(Referring expression grounding data)
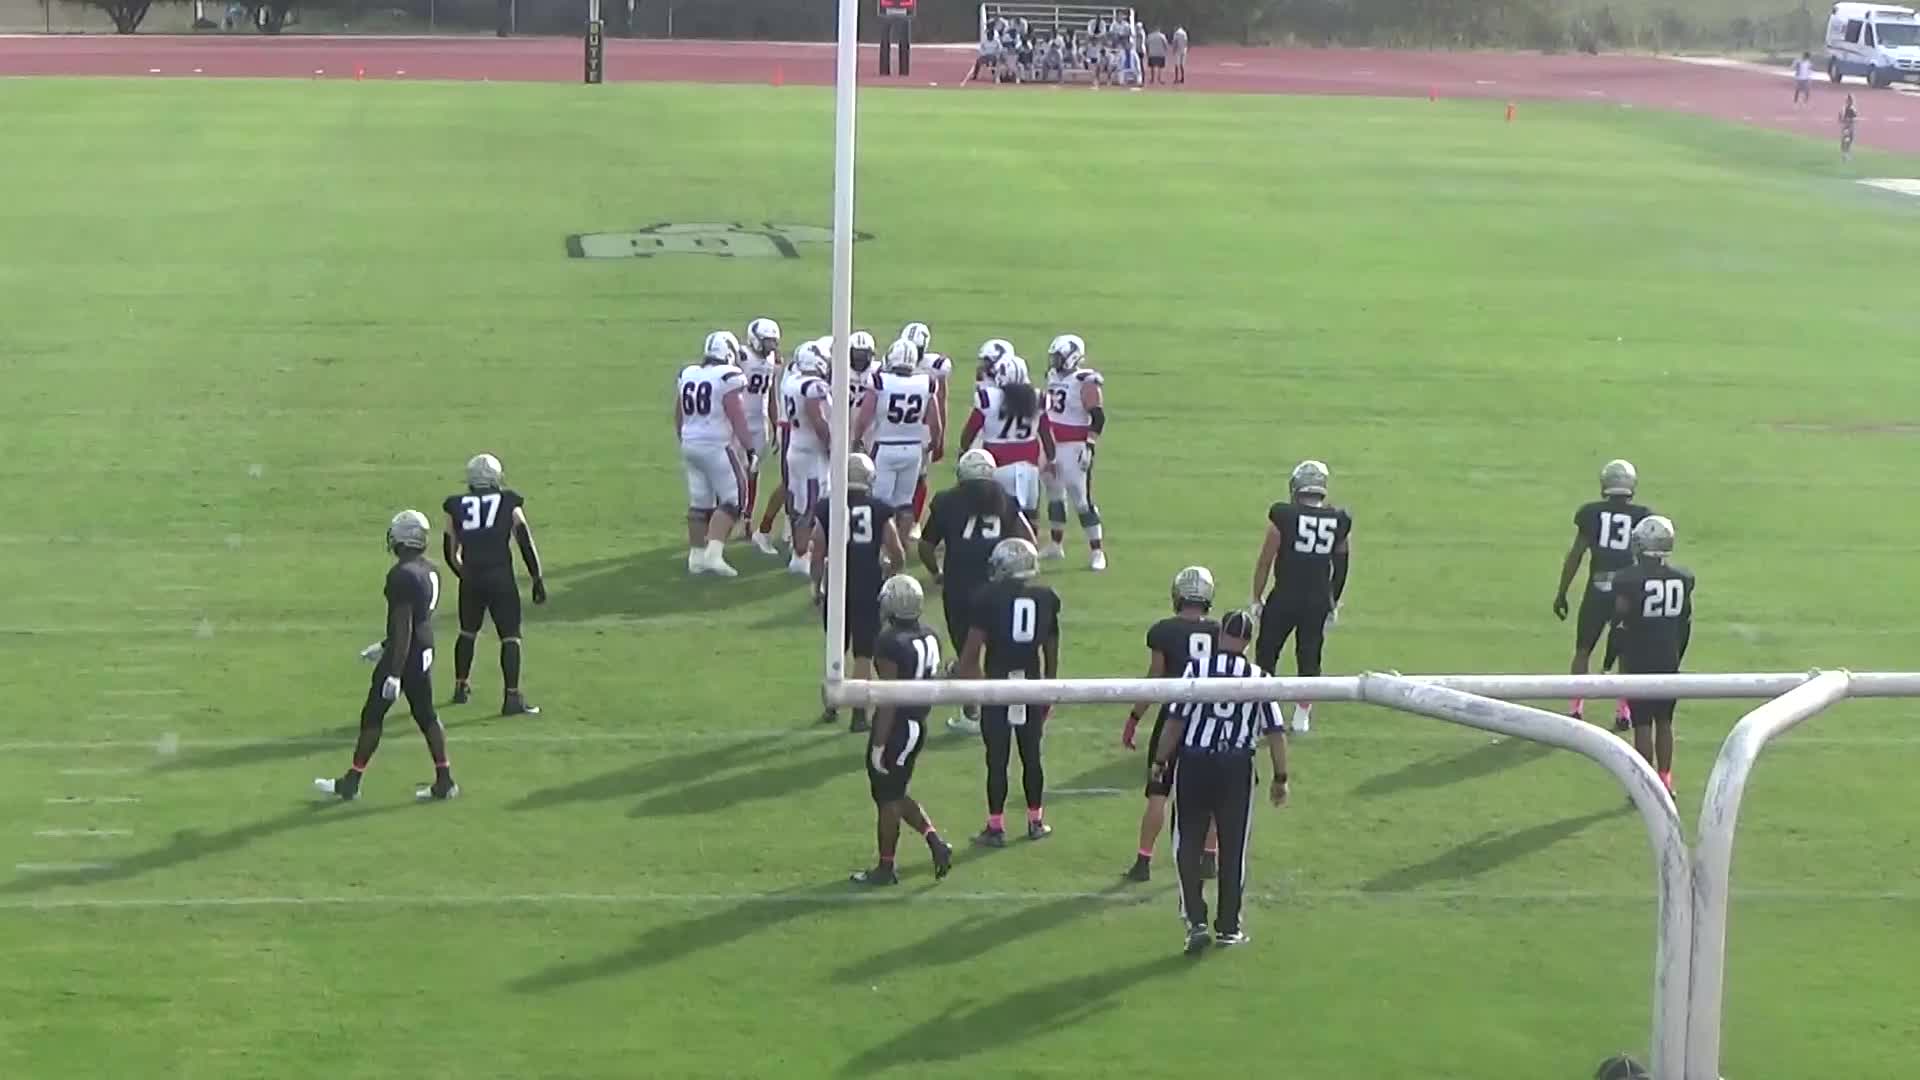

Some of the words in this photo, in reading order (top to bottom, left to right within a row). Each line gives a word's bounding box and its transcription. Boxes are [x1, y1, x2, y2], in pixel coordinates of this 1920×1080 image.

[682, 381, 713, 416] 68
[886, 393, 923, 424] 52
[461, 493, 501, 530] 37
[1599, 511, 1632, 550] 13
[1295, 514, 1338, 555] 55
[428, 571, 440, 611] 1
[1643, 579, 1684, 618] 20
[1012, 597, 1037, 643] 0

About this exercise> Exact output of each line above is wanted, without the pictures.

Response to this exercise>
Some of the words in this photo, in reading order (top to bottom, left to right within a row). Each line gives a word's bounding box and its transcription. Boxes are [x1, y1, x2, y2], in pixel coordinates of this 1920×1080 image.

[682, 381, 713, 416] 68
[886, 393, 923, 424] 52
[461, 493, 501, 530] 37
[1599, 511, 1632, 550] 13
[1295, 514, 1338, 555] 55
[428, 571, 440, 611] 1
[1643, 579, 1684, 618] 20
[1012, 597, 1037, 643] 0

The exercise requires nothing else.